Ethnic Disparities in Deep Sedation of Patients with Acute Respiratory Distress Syndrome in the United States: Secondary Analysis of a Multicenter Randomized Trial

Mari Armstrong-Hough, Paul Lin, Shrathinth Venkatesh, Muhammad Ghous, Catherine L. Hough, Stephanie Cook, Theodore J. Iwashyna, Thomas S. Valley

Research output: Contribution to journalArticlepeer-review

Abstract

Rationale: Patients identified as Hispanic, the largest minority group in the United States, are more likely to die from acute respiratory distress syndrome (ARDS) than non-Hispanic patients. Mechanisms to explain this disparity remain unidentified. However, Hispanic patients may be at risk of overexposure to deep sedation because of language differences between patients and clinicians, and deep sedation is associated with higher ARDS mortality.Objective: We examined associations between Hispanic ethnicity and exposure to deep sedation among patients with ARDS.Methods: A secondary analysis was conducted of patients enrolled in the control arm of a randomized trial of neuromuscular blockade for ARDS across 48 U.S. hospitals. Exposure to deep sedation was measured over the first 5 days that a patient was alive and received mechanical ventilation.

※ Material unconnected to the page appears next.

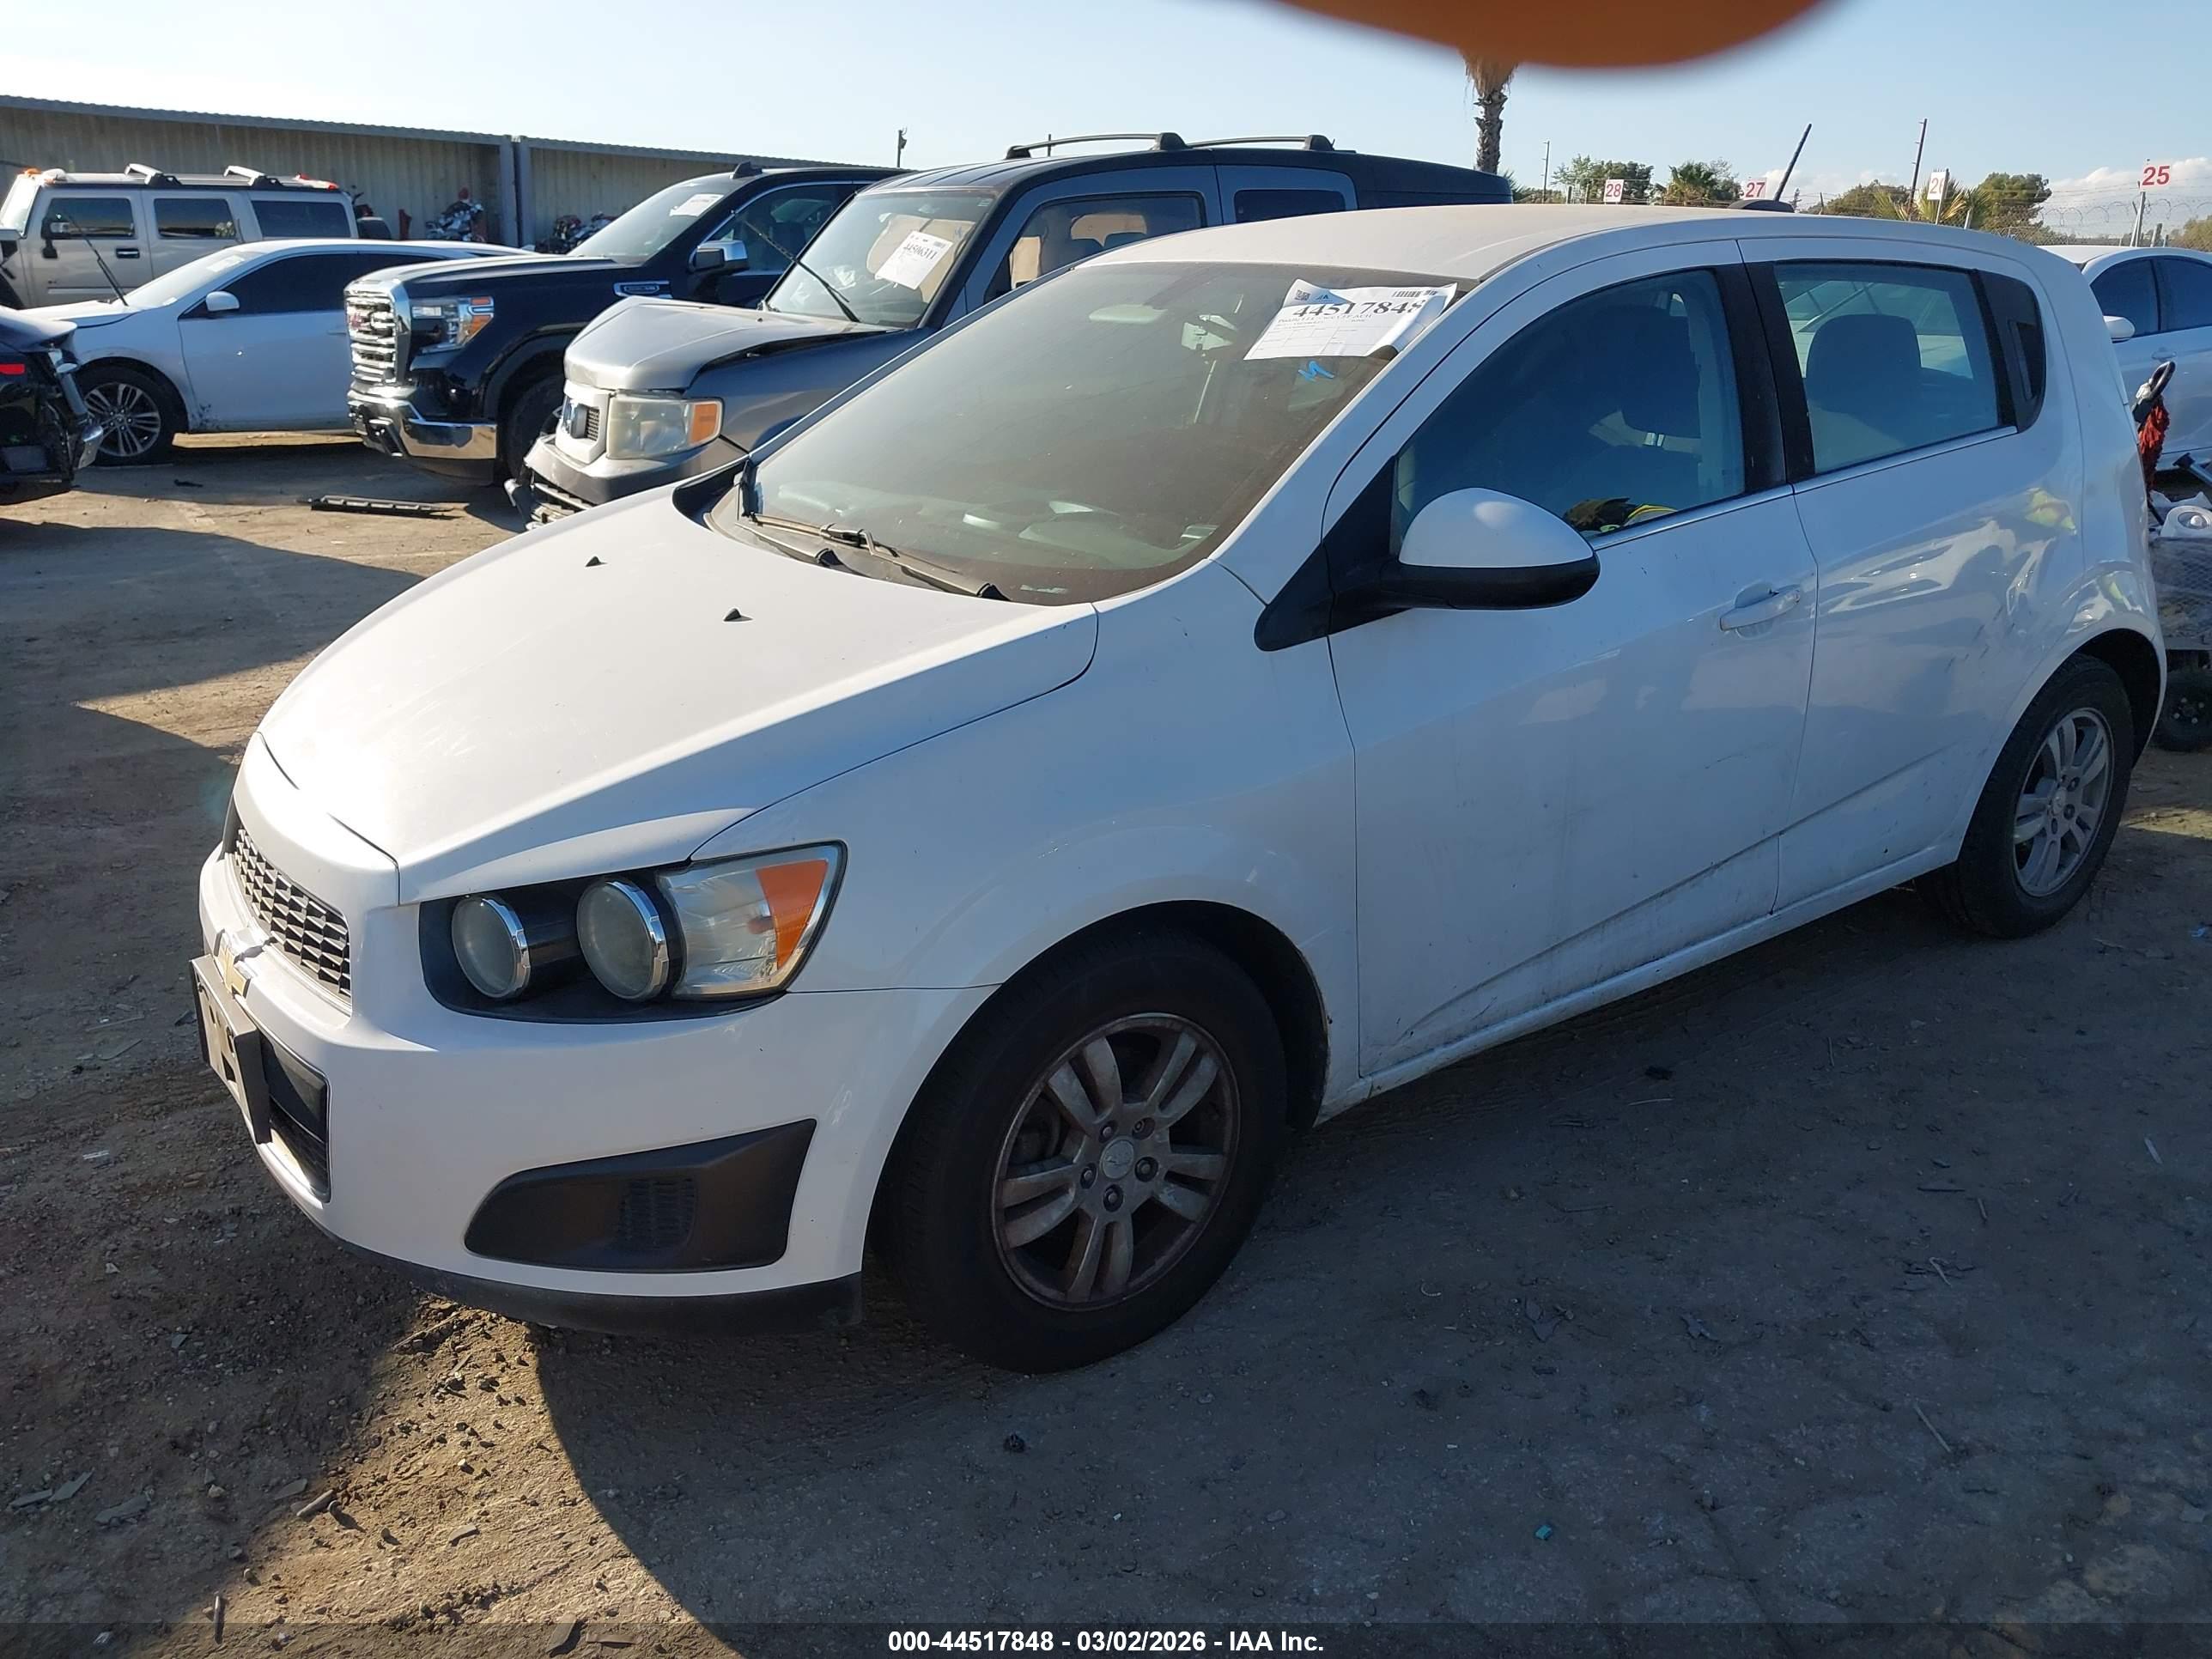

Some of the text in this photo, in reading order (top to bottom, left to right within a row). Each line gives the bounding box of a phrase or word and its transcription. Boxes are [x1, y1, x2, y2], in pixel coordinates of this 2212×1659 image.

Multilevel mixed-effects models were used to evaluate associations between Hispanic ethnicity and exposure to deep sedation, controlling for patient characteristics.Results: Patients identified as Hispanic had approximately five times the odds of deep sedation (odds ratio, 4.98; 95% confidence interval, 2.02-12.28; P < 0.0001) on a given day, compared with non-Hispanic White patients. Hospitals with at least one enrolled Hispanic patient kept all enrolled patients deeply sedated longer than hospitals without any enrolled Hispanic patients (85.8% of ventilator-days vs. 65.5%; P < 0.001).Conclusions: Hispanic patients are at higher risk of exposure to deep sedation than non-Hispanic White patients. There is an urgent need to understand and address disparities in sedation delivery.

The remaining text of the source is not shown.